Casein secretion by mammary gland epithelia from collagen gel cultures and lactating glands

Amino acid incorporation experiments show that epithelial cells from lactating mouse mammary glands and from collagen gel culture both synthesize and secrete four principal phosphocaseins (p45, p40, p27, and p23 kD). In both cases, however, t h e casein production is largely dominated by the p27 species. The average percentage distribution of the above casein species in medium from cultured epithelia is approximately 13%, 6%, 68%, and 14%, respectively; for milk the distribution is approximately 23%, 7%, 54%, and 16%. The predominance of the p27 species is not a consequence of extensive extracellular differential degradation of the secreted caseins since no significant casein degradation was observed in culture medium, either in contact or isolated from epithelial cell monolayers.
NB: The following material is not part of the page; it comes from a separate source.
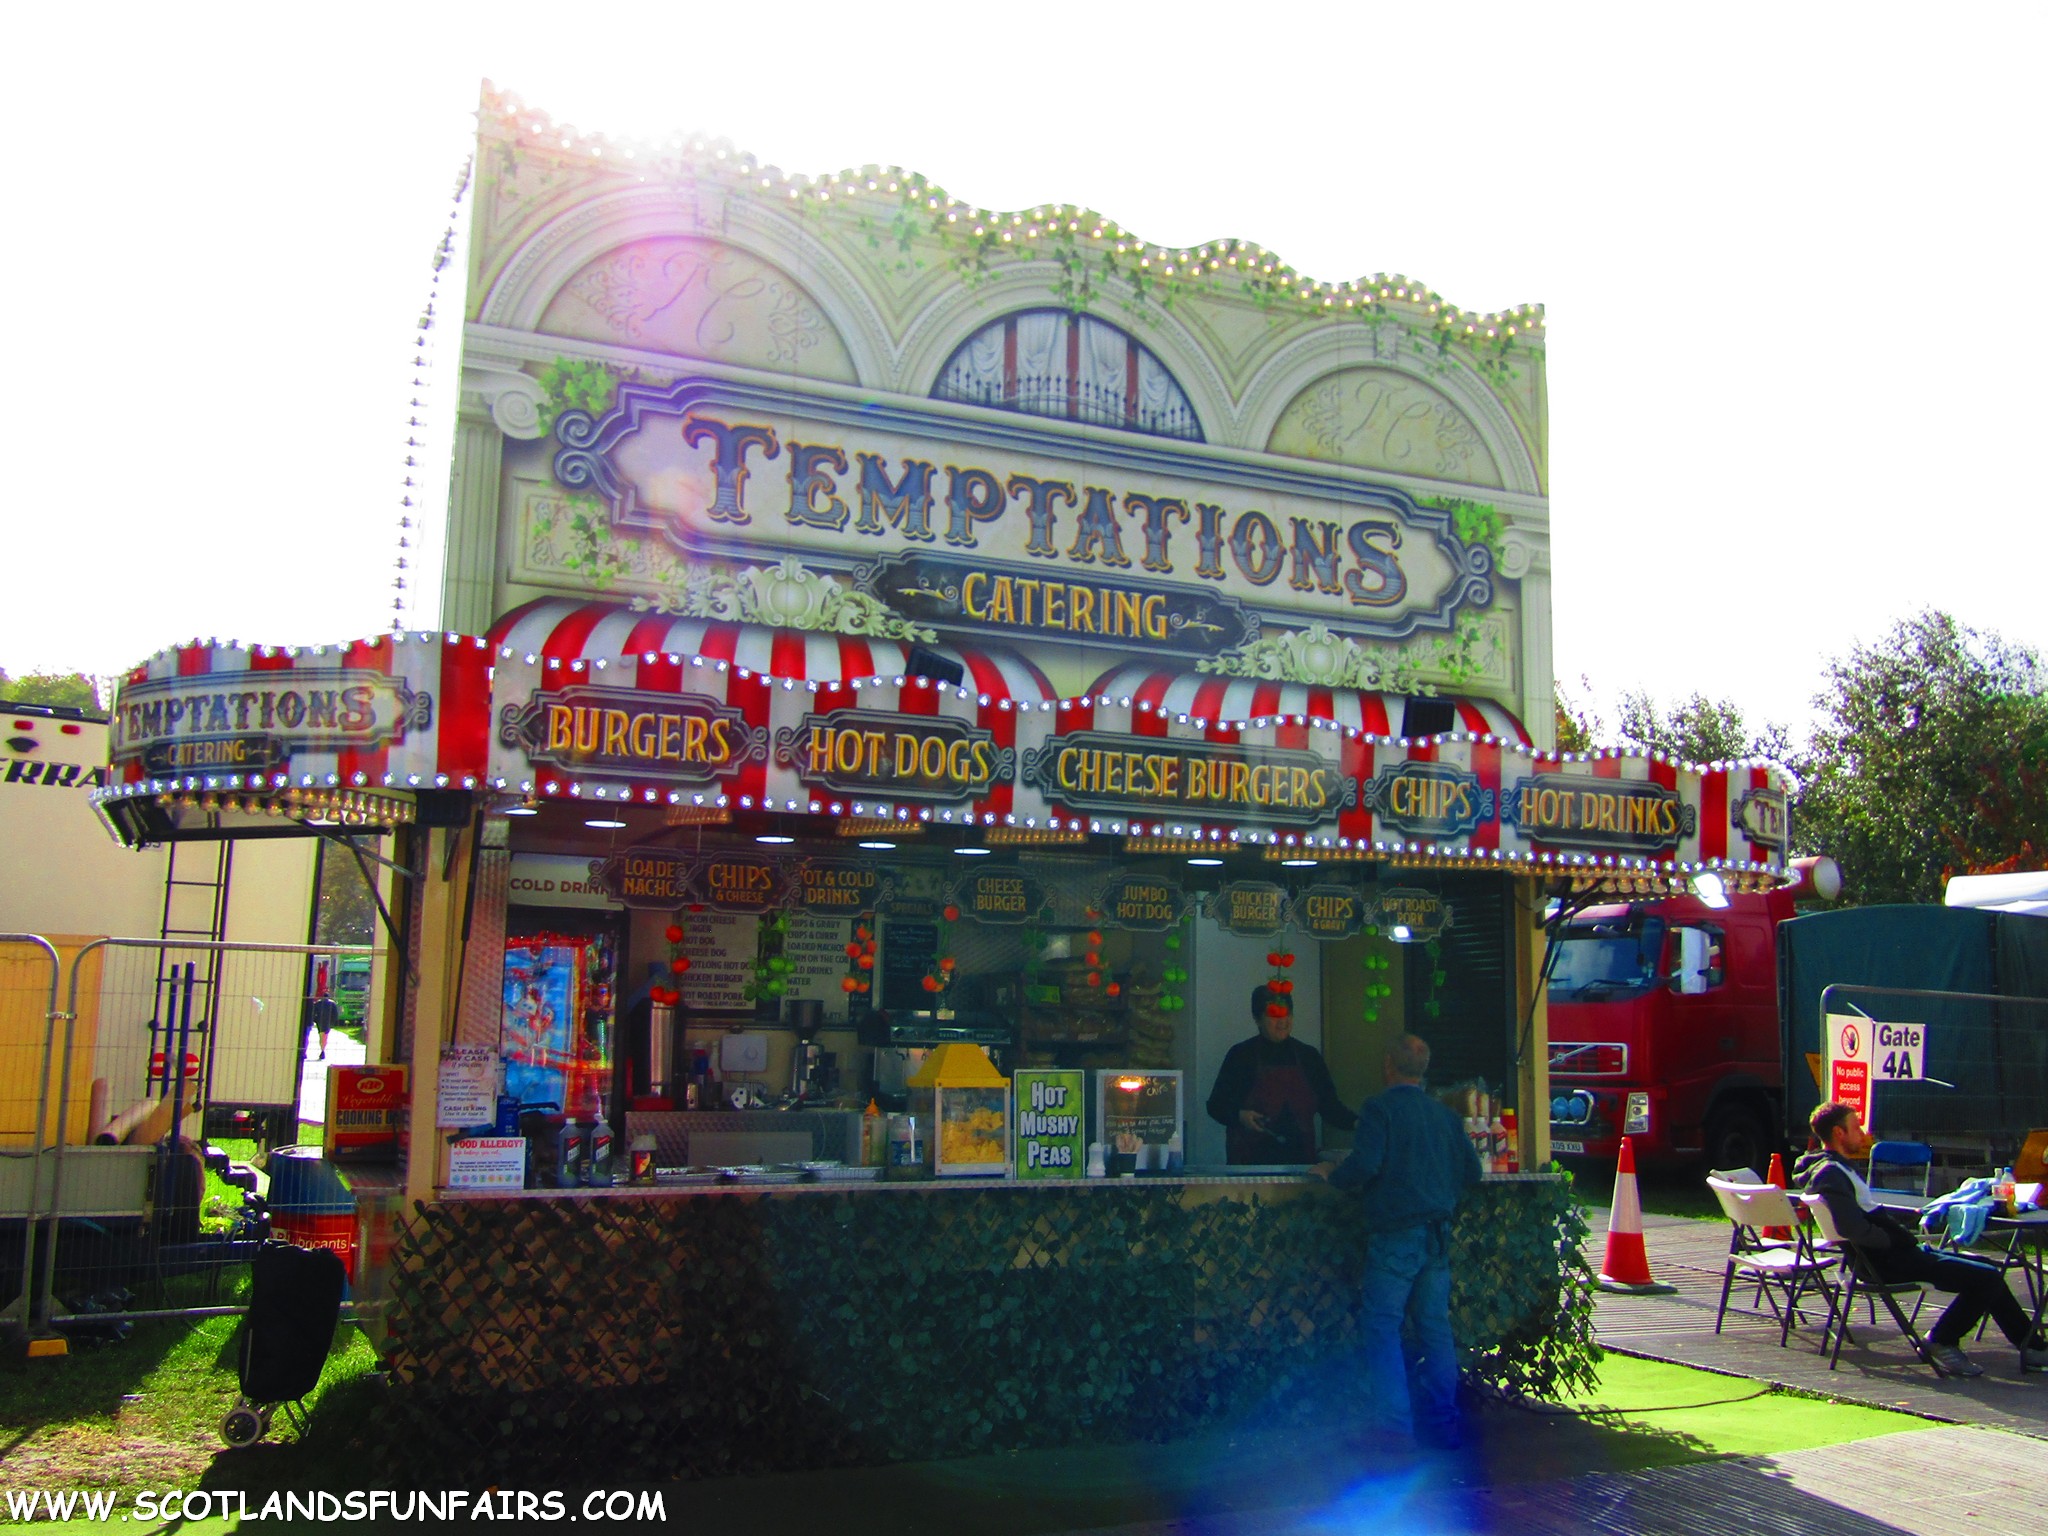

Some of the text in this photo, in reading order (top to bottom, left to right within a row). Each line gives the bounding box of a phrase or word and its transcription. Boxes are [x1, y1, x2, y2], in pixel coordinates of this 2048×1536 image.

Synthesis and secretion of all the caseins by cultured epithelia is dependent upon insulin, prolactin, and hydrocortisone. Presumably some intracellular events result in the secretion of p27 as the principal casein in mouse milk. Apparently, some selection factor(s) operate to make p27 a major nitrogenous nutritional component for a newborn mouse. In addition, on a quantitative basis, t h e relative levels of various caseins secreted by epithelia from lactating mammary glands is essentially duplicated by epithelia in collagen gel culture.